"""

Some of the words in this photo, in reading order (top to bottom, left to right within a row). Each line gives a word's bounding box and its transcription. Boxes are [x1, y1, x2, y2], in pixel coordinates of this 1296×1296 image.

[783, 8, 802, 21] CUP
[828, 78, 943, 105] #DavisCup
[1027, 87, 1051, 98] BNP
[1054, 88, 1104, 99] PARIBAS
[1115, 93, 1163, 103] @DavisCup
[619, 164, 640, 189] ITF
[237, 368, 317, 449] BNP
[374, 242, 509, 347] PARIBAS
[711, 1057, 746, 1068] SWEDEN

"""

_Aim of the task_
Go through the data and retype all of it exactly.

_Result_
Some of the words in this photo, in reading order (top to bottom, left to right within a row). Each line gives a word's bounding box and its transcription. Boxes are [x1, y1, x2, y2], in pixel coordinates of this 1296×1296 image.

[783, 8, 802, 21] CUP
[828, 78, 943, 105] #DavisCup
[1027, 87, 1051, 98] BNP
[1054, 88, 1104, 99] PARIBAS
[1115, 93, 1163, 103] @DavisCup
[619, 164, 640, 189] ITF
[237, 368, 317, 449] BNP
[374, 242, 509, 347] PARIBAS
[711, 1057, 746, 1068] SWEDEN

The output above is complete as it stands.